By Maggie Judson, M.S., CCC-SLP
The other day I found myself in a school cafeteria during lunch, sitting with a group of students. One student walked up to the table, dropped his food tray down and announced to his friends, “Who wants to see me chug this juice?” Kids shouted their responses of “Yes, chug it!”, “Do it, chug it!”, “Chug, chug, chug, chug!” Apart from being an entertaining half hour, I left the cafeteria with some food for thought. I have never once targeted the word ‘chug’ for my students who use AAC. ‘Drink’, yes of course, but never ‘chug’. I have never checked to see if it was included in their AAC systems nor provided explicit instruction for it. Honestly, I’ve never even thought to because I had no idea what an important social word it could be during lunch! Which means if my students who use AAC were part of this lunch table, they would not have been able to join their classmates in the group chorus of ‘chug, chug, chug’. The opportunity to participate in this social interaction just like their peers were doing would have been lost.
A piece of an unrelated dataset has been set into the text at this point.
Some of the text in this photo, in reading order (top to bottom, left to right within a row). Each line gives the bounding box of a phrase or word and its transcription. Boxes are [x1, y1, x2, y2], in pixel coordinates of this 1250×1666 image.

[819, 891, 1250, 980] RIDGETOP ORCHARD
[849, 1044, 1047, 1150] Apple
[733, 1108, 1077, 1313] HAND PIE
Now, I’m not planning on throwing all my lesson plans out the window and working on ‘chug’ tomorrow, but it did make me think of other vocabulary that children use frequently that I do not typically target for my students who use AAC. With AAC, providing access to and teaching functional, age appropriate vocabulary that peers use is important because it provides students who use AAC the words to socialize in the lunchroom, chat at recess, and talk outside of school using the same vocabulary as their classmates. When we target functional words that are also words kids use frequently, we are not only giving students who use AAC the ability to communicate their wants, thoughts, and ideas, we are also giving them the vocabulary to engage socially with their peers. Which I think we would all say is something we are striving for!
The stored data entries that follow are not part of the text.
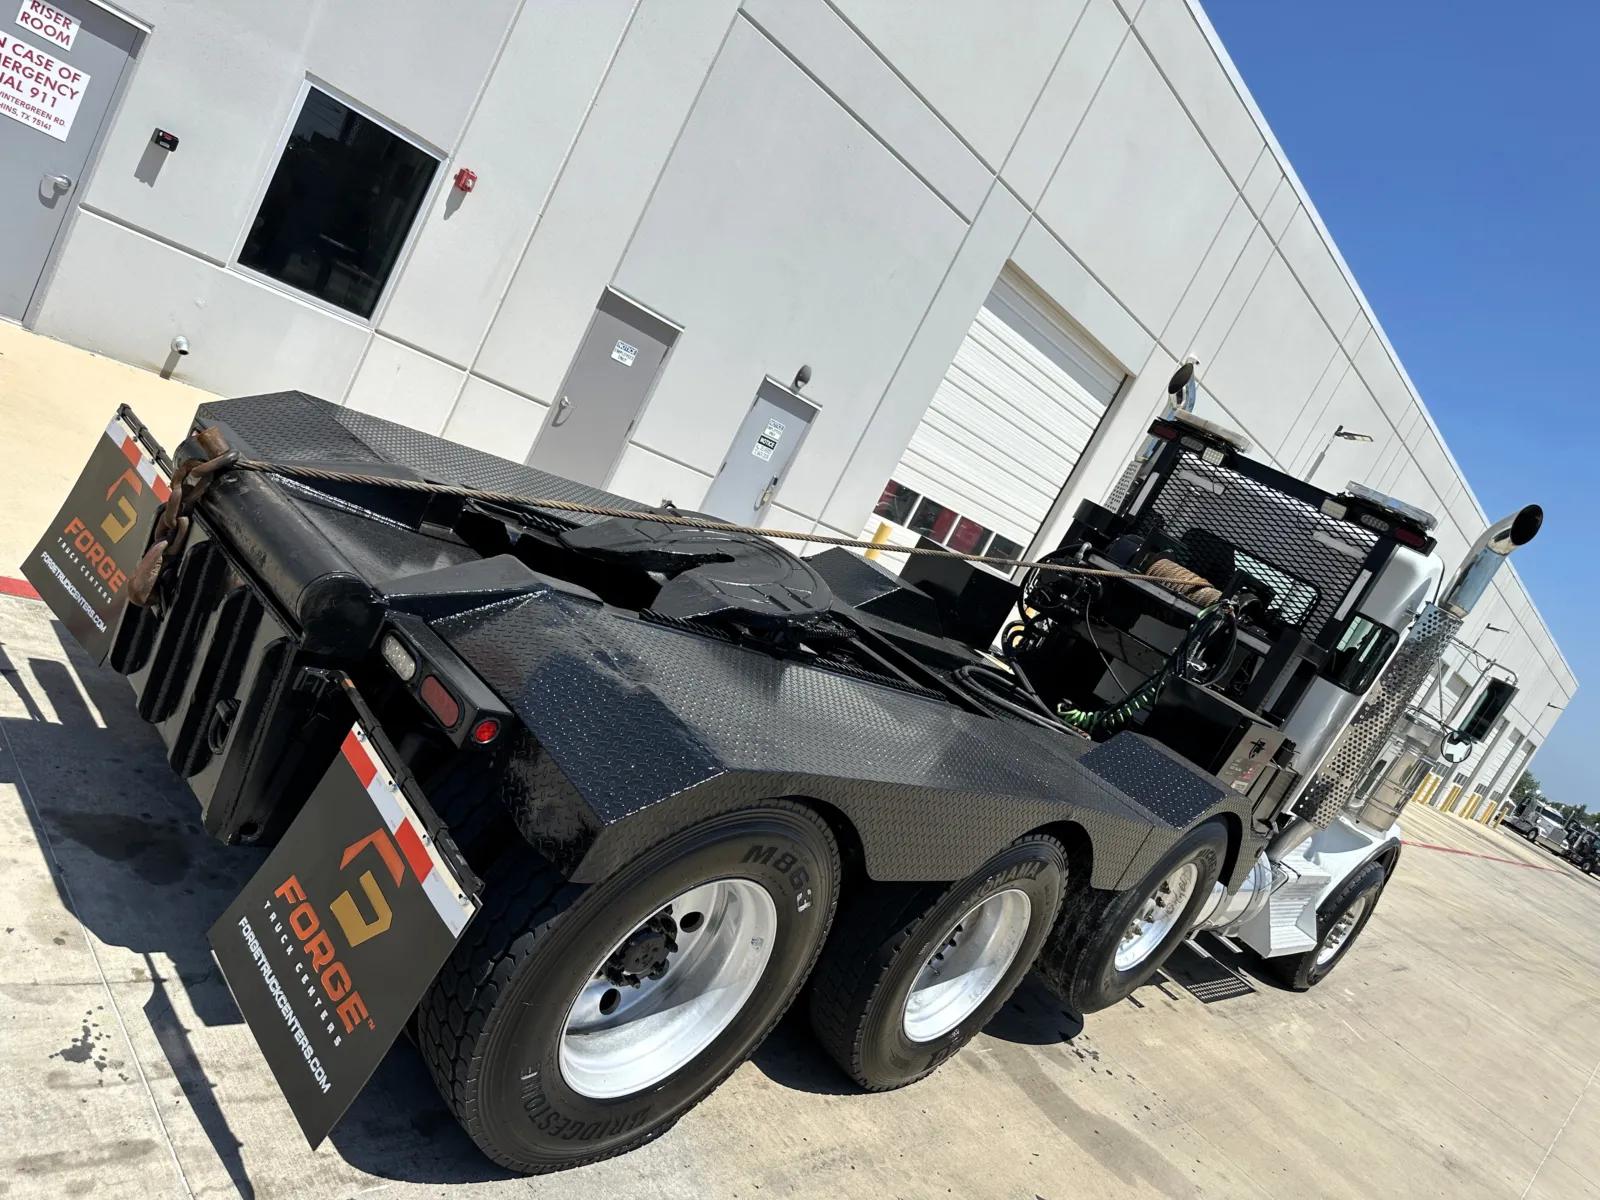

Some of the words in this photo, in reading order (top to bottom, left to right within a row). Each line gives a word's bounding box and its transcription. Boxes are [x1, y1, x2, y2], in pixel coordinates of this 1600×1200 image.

[20, 11, 70, 46] ROOM
[30, 0, 72, 30] RISER
[0, 53, 79, 100] ERGENCY
[12, 43, 54, 72] CASE
[58, 67, 81, 83] OF
[21, 111, 31, 121] TX
[32, 117, 52, 130] 75141
[30, 87, 57, 108] 911
[57, 536, 79, 564] TRUCK
[80, 564, 112, 604] CENTERS
[64, 517, 127, 593] FORGE
[41, 551, 107, 633] FORGETRUCKCENTERS.COM
[264, 900, 294, 955] TRUCK
[295, 962, 342, 1047] CENTERS
[274, 874, 369, 1034] FORGE
[238, 915, 332, 1094] FORGETRUCKCENTERS.COM
To figure out what vocabulary students are using and from that, what vocabulary we may want to target for our AAC users, we need to spend time observing and listening to kids in a variety of environments and situations. You can do this like me and hang out in the lunchroom, or try recess, the gym, or class parties. But it is also good to hear what kids are talking about outside of school. Take opportunities to volunteer at children’s events at the library or at a day or summer camp. Have that play date at your house or when your child is invited to a birthday party, go along and hang out. I bet you will hear some functional words that you never thought to target before!
With summer fast approaching, vacation season will soon be upon us and students will be taking trips with their families. Which got me thinking. What iconic phrase does everyone associate with kids and trips? ‘Are we there yet’! Taking what I learned in that cafeteria, I plan to use these last few weeks of school and make sure my students who use AAC get the opportunity to practice these words so they too can grace their families with the experience of hearing ‘are we there yet’ - over, and over, and over again - just like their peers do! And I’ll also be using the summer to plan and prep some sessions for next school year to work on that fun word ‘chug’!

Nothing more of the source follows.